Filed an issue to address this particular concern.
Thanks joepie91 for finding the folks responsible and getting the conversation started.
Currently, SVG is a security foot-cannon that allows attackers to upload a Stored XSS payload when a user views the image directly. Example.
Specifically, you can include JavaScript in an SVG document, and it will execute in all browsers if accessed directly.
This is contrary to what developers expect from a MIME type that begins with image/.
I'd like to propose:
- That the current use of SVG be moved to
application/svg+xml
- If we are to have an
image/svg+xml
MIME type, then clients MUST not allow JavaScript (or any other code execution)
Thank you for your time.
If you allow serving unsanitized user-uploaded content off a sensitive domain (e.g. the one with interesting cookies or the main application origin), you're going to have a problem nonetheless.

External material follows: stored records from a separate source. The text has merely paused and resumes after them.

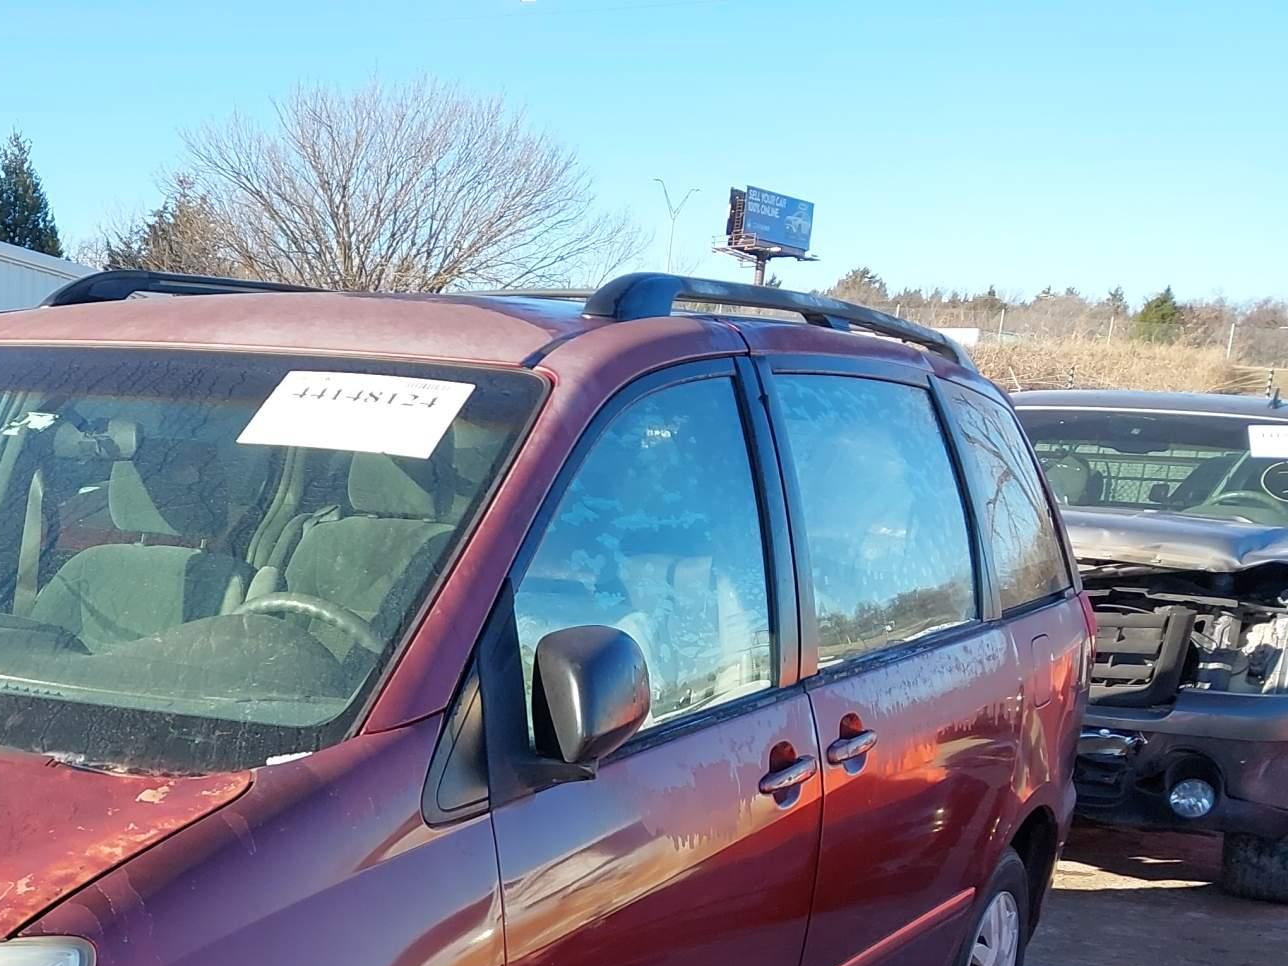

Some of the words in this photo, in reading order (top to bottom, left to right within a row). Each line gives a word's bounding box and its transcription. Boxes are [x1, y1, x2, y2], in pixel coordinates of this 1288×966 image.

[749, 189, 760, 201] SELL
[776, 197, 787, 208] CAR
[761, 204, 780, 218] ONLINE
[292, 386, 438, 408] 44148124
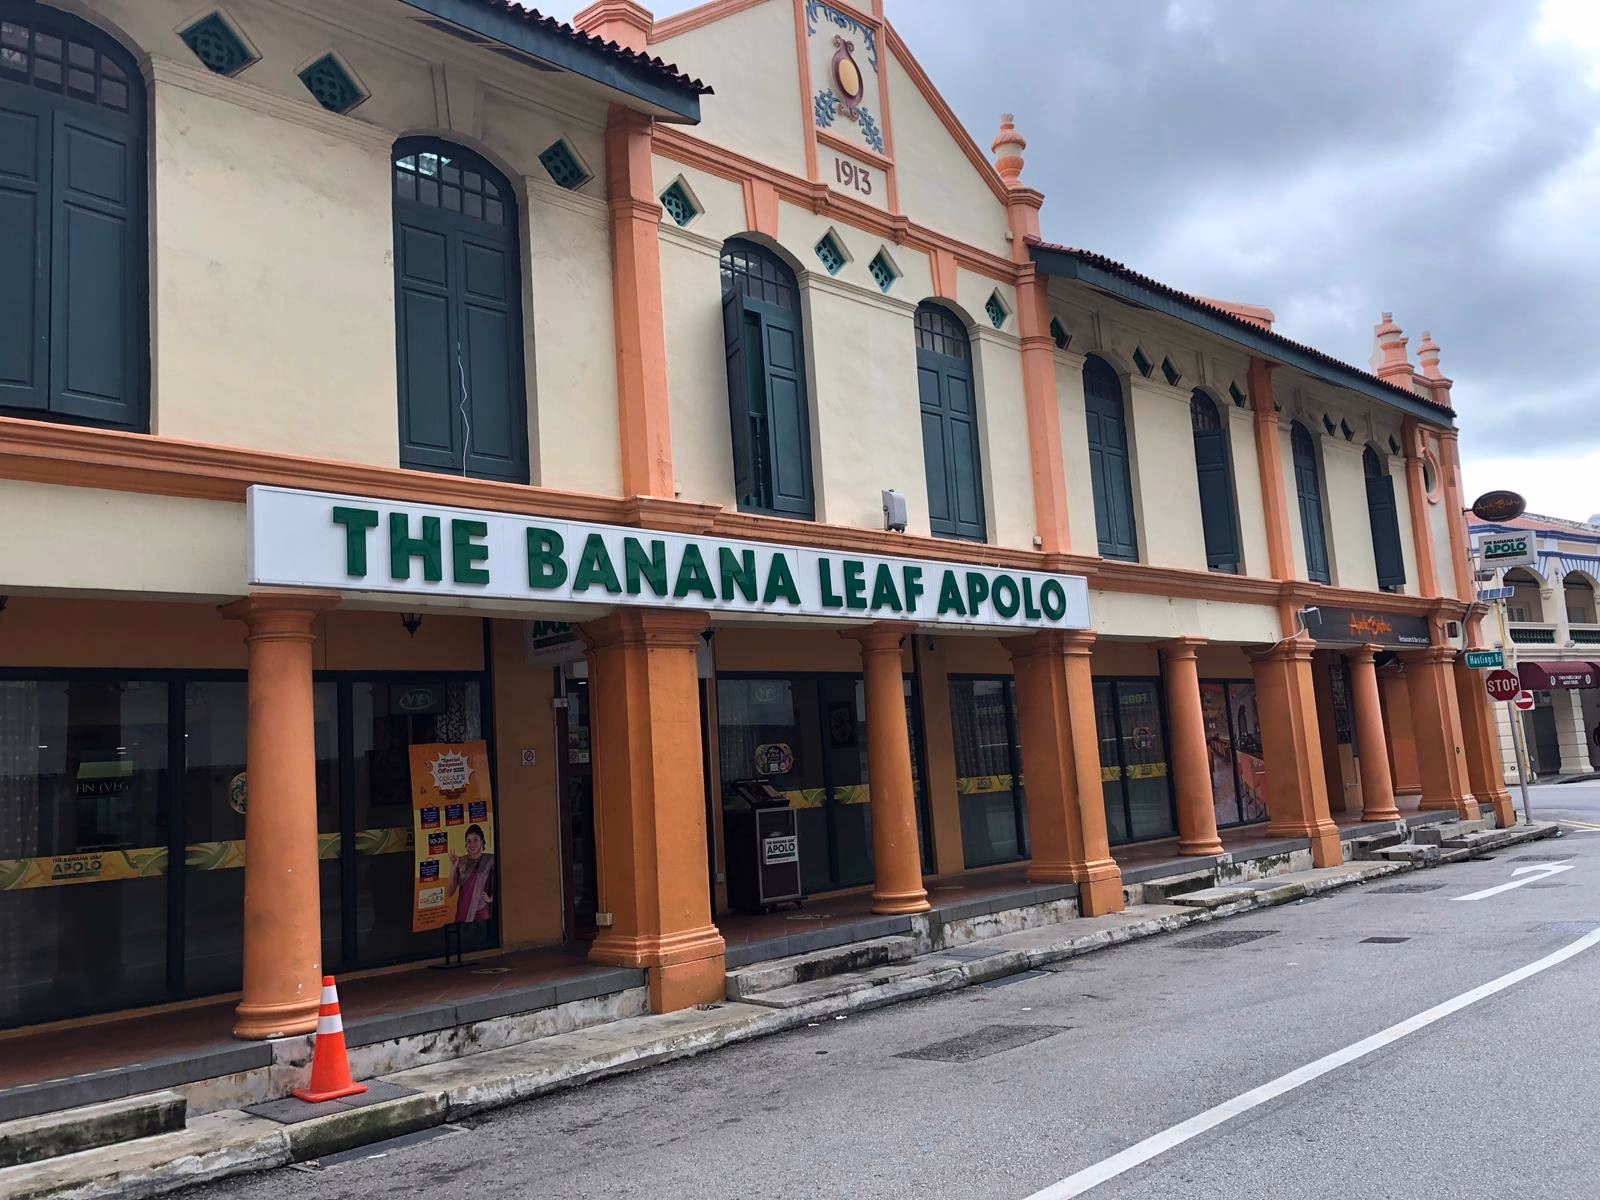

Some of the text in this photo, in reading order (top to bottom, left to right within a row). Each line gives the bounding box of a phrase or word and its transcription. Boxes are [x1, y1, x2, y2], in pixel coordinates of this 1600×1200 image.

[834, 157, 872, 196] 1913
[1485, 541, 1527, 555] APOLO
[332, 506, 1067, 621] THE BANANA LEAF APOLO
[1469, 653, 1503, 666] Hastings Rd
[1487, 678, 1518, 693] STOP
[767, 843, 795, 854] APOLO
[53, 860, 102, 874] APOLO

You can mitigate some of the vectors with e.g. response headers (
Content-Type
or thenosniff
header), but not all of them can be addressed that way because of browser plugins. This has been demonstrated e.g. by Rosetta Flash or Comma Chameleon.If you choose not to sanitize (e.g. because you're scared of image processing libs memory corruption bugs), move the uploads off your origin. - you're not going to win a lot with just enforcing a
Content-type
header change.